En somme, ce 14 juillet aura offert deux images contradictoires du même monde : une statistique américaine qui dit « l’inflation reflue », et des marchés qui, au même instant, se repositionnent pour un choc énergétique de retour. Pour l’investisseur, la leçon n’est pas de choisir entre les deux, mais de comprendre qu’ils appartiennent à deux moments différents : le CPI raconte juin, les marchés anticipent août. C’est le second horizon qui compte pour décider aujourd’hui.
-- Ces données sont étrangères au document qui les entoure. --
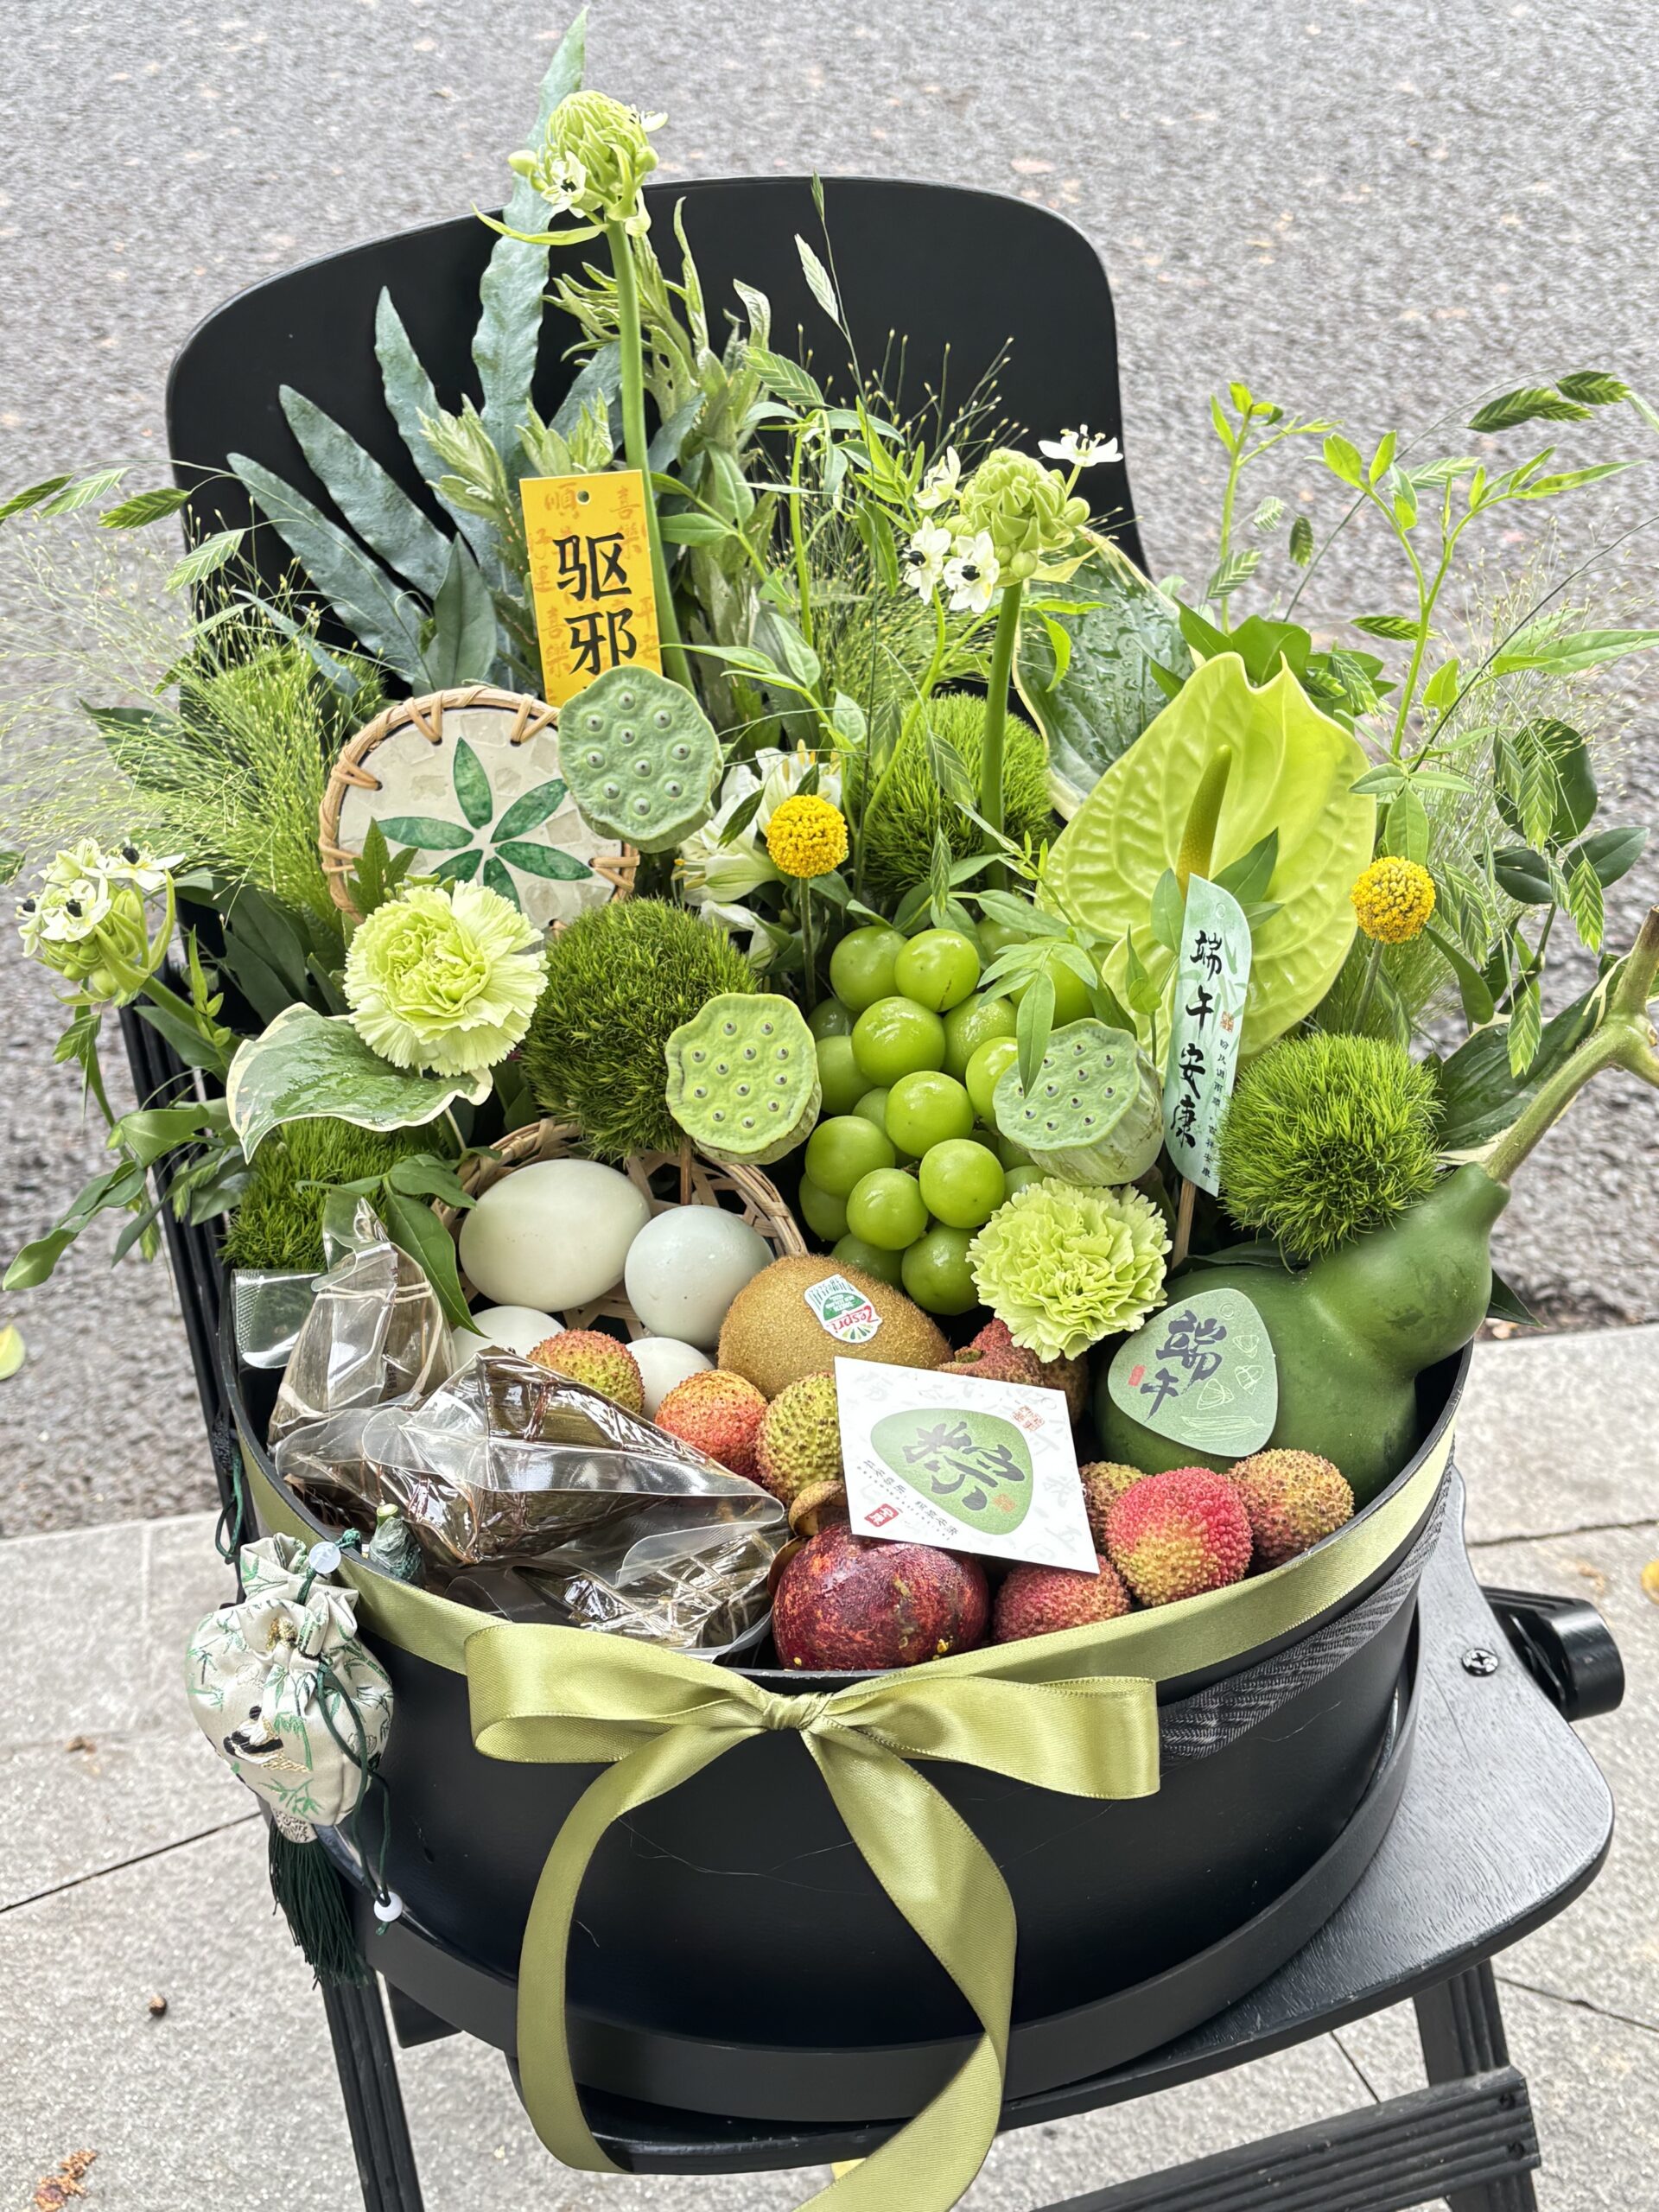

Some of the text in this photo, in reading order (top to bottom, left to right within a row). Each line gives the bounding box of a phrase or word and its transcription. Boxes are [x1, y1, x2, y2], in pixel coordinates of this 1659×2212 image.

Avertissement. Cet article est fourni à titre informatif et ne constitue ni un conseil en investissement, ni une recommandation d’achat ou de vente. Il rapporte des données publiques officielles et des cotations de marché arrêtées à la date de publication ; dans un contexte géopolitique mouvant, ces données peuvent évoluer rapidement. Les performances passées de l’indice ne préjugent pas des performances futures, et aucune projection de cours n’est formulée ici. Tout investissement en instruments financiers comporte des risques, dont un risque de perte en capital. Chaque investisseur est invité à se forger sa propre opinion et à consulter un professionnel agréé avant toute décision.